=== Action item ===
Transcribe each entry exactly as it appears, leaving out any picture it holds.
=== Begin Enclosure ===
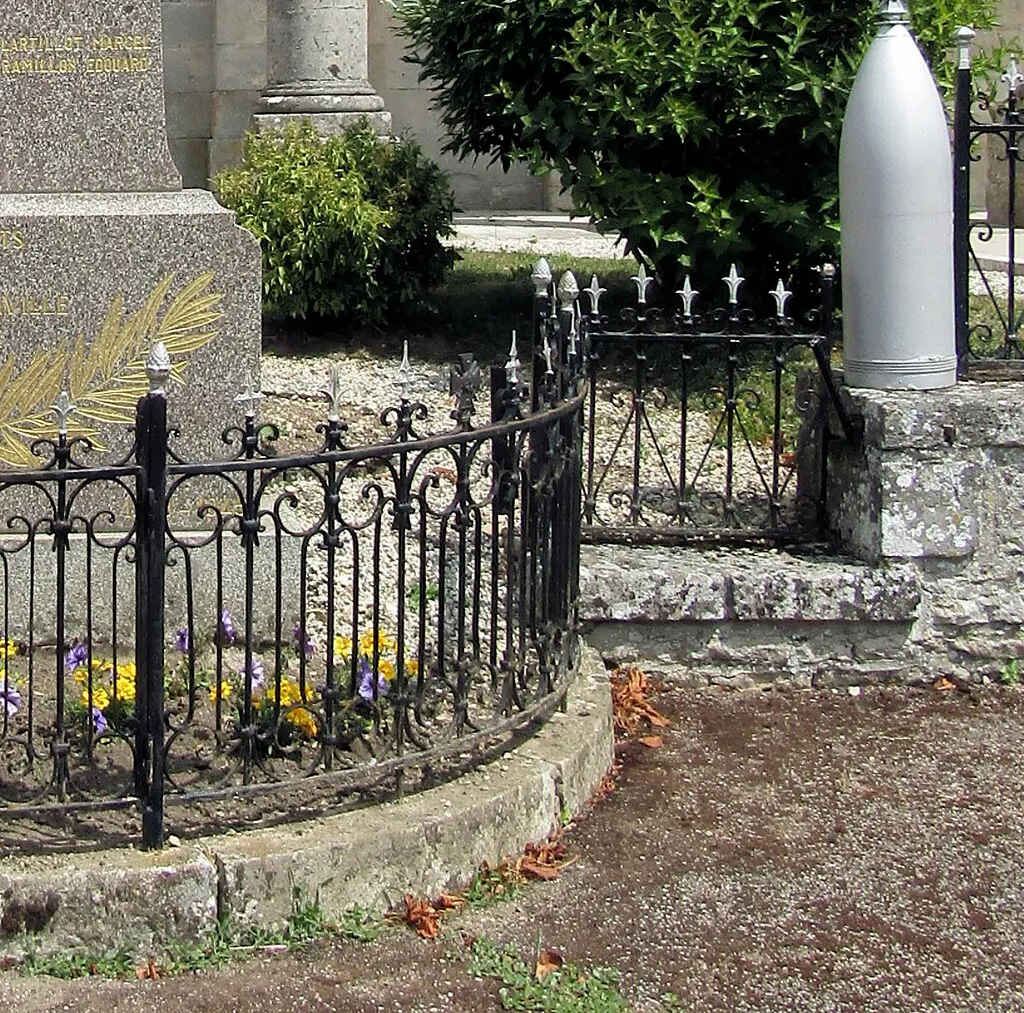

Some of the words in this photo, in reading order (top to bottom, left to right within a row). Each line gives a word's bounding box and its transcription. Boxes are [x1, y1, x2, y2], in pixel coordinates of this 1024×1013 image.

[0, 37, 84, 52] LARTILLOT
[92, 35, 152, 50] MARCEL
[1, 58, 77, 74] RAMILLON
[86, 57, 148, 73] EDOUARD
=== End Enclosure ===
=== Your solution ===
Some of the words in this photo, in reading order (top to bottom, left to right within a row). Each line gives a word's bounding box and its transcription. Boxes are [x1, y1, x2, y2], in pixel coordinates of this 1024×1013 image.

[0, 37, 84, 52] LARTILLOT
[92, 35, 152, 50] MARCEL
[1, 58, 77, 74] RAMILLON
[86, 57, 148, 73] EDOUARD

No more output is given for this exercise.